"Pero su alma estaba desquiciada. A solas en esa selva, había mirado dentro de sí mismo, y ¡por todos los cielos!, había enloquecido", escribió Joseph Conrad en El corazón en tinieblas tras su descenso del río Congo. Desde entonces, y Apocalypse Now mediante, Kurtz se ha convertido en la metáfora de todo el horror del que el ser humano es capaz. Era cuestión de tiempo que Colombia, país que del tema sabe un rato, hiciese su propia versión de esta bajada a los selváticos infiernos. Y eso, y muy bien hecho, es Monos, tercera película de Alejandro Landes que, tras su estreno en Sundance y su paso por Berlín, llega al Festival de San Sebastián para competir en la sección Nuevos Horizontes.
Monos nos lanza a lo alto de una montaña, entre riscos y barro, donde una guerrilla de adolescentes reciben un duro entrenamiento de manos de "La Organización". Landes no especifica qué es esa organización -aunque por ahí ronda la idea de las FARC-, centrándose en cambio en presentarnos, uno a uno, a cada uno de los integrantes del grupo: el andrógino Rambo (Sofia Buenaventura), Lobo (Julián Giraldo) y su prometida Lady (Karen Quintero), los chicos Boom Boom, Pitufo y Perro, la Sueca (Laura Castrillón) y Patagrande (Moisés Arias). La misión que los une es custodiar -y torturar- a una doctora secuestrada por La Organización e interpretada por Julianne Nicholson.

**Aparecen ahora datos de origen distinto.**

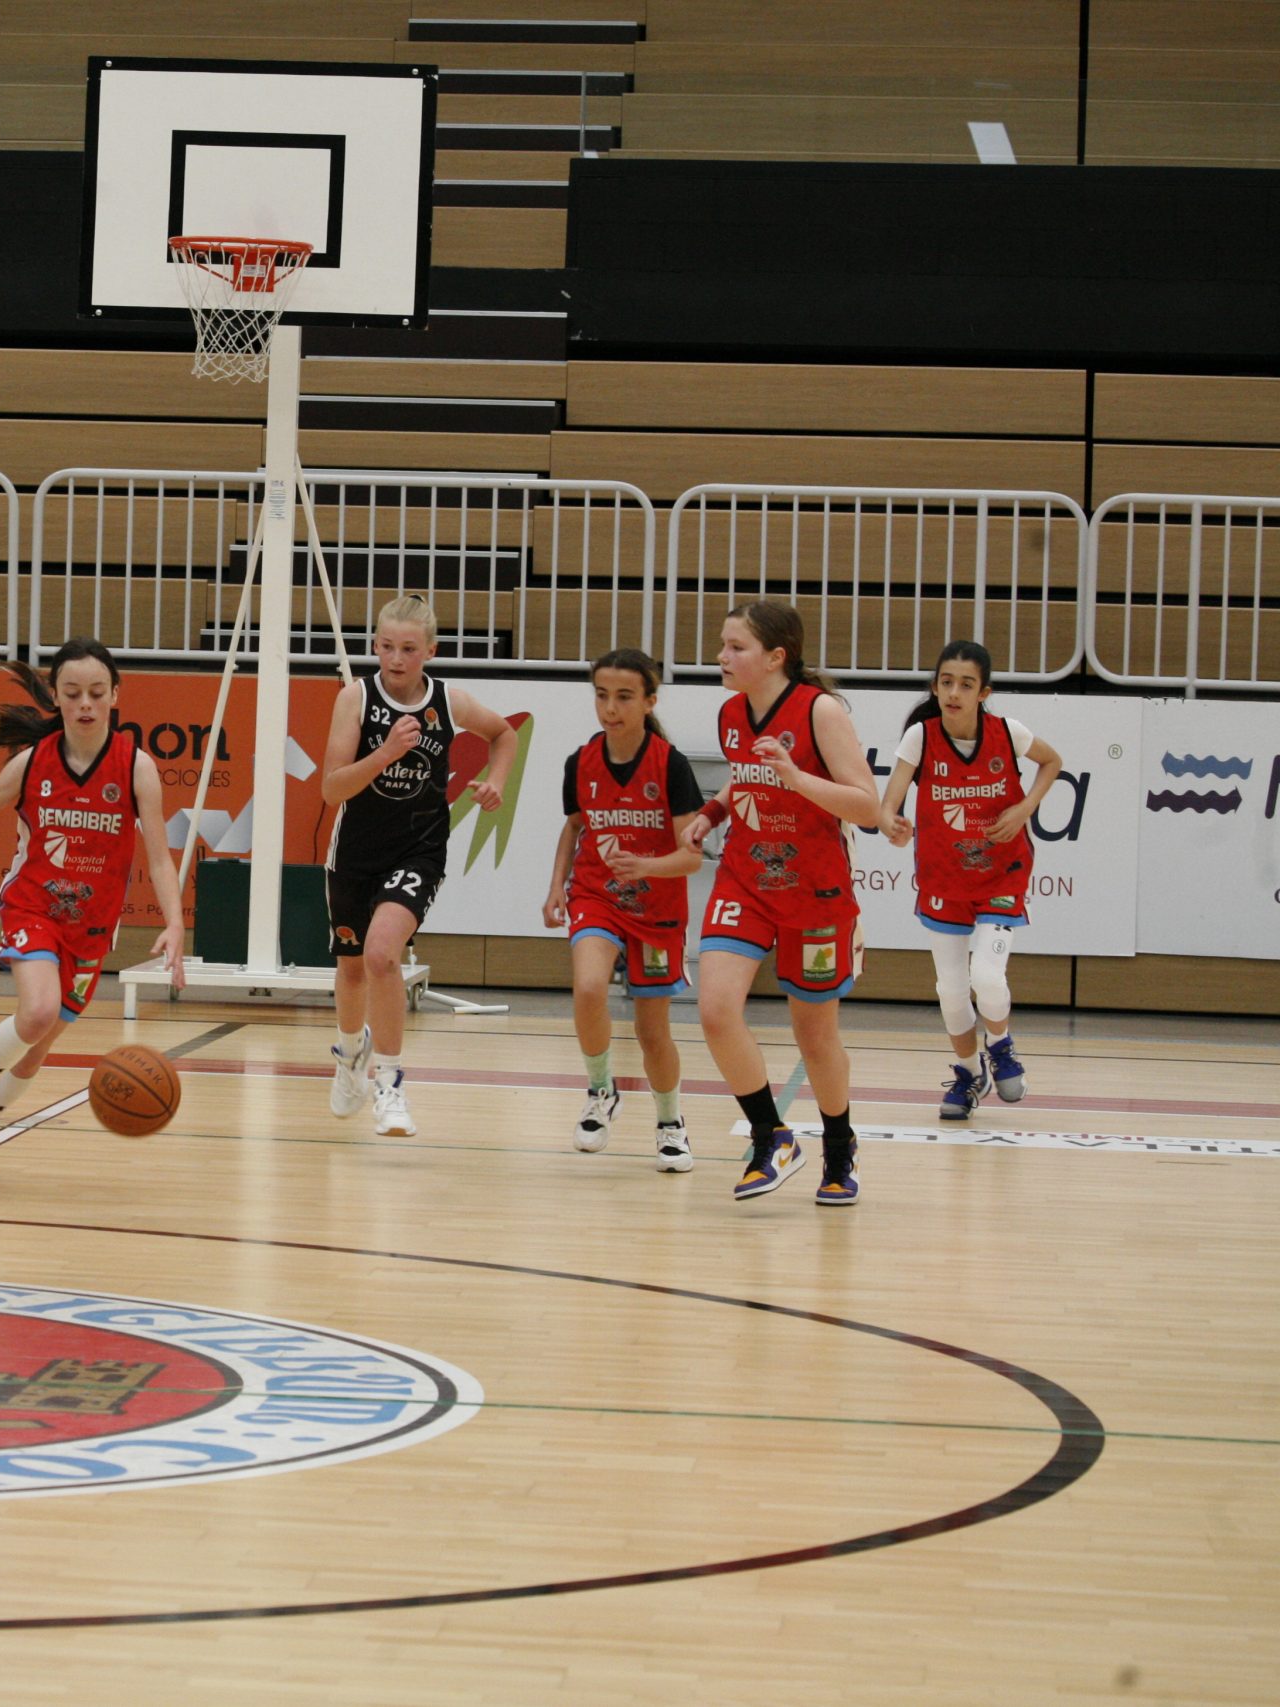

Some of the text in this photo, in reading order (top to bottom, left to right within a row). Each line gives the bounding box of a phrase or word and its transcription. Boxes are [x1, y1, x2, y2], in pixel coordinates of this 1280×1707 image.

Solos en medio de la nada, con alcohol y metralletas, las cosas empiezan a salir mal. Son chavales, y como chavales con las hormonas revolucionadas y litronas a mano, el secuestro se les va de las manos. Precisa refugiarse en la selva a través de una preciosa elipsis a cargo de Landes, donde esta pandilla otrora ¿Quién puede matar a un niño? se convierte más bien en El señor de las moscas, mientras la doctora, víctima y, a la vez, qué interesante esto, madre de todos ellos, prueba desesperados intentos de huída. Todo apunta en Monos hacia un único lugar, como en el río Congo, hacia el salvajismo, hacia la locura, sobre todo cuando -brillante plano final- dejamos de saber quién es secuestrador y quién secuestrado. Prueba de ello es la música de Mica Levi: truenos, sintetizadores, tambores y orquesta. O la mirada de Landes a la violencia, siempre más perversa que si fuera explícita. Esa sutileza con la que va convirtiendo el terror en una experiencia cinematográfica sublime, como un viaje alucinógeno en medio del campamento militar. El resultado es horroroso y a la vez bello, una paradoja como para perder la cabeza.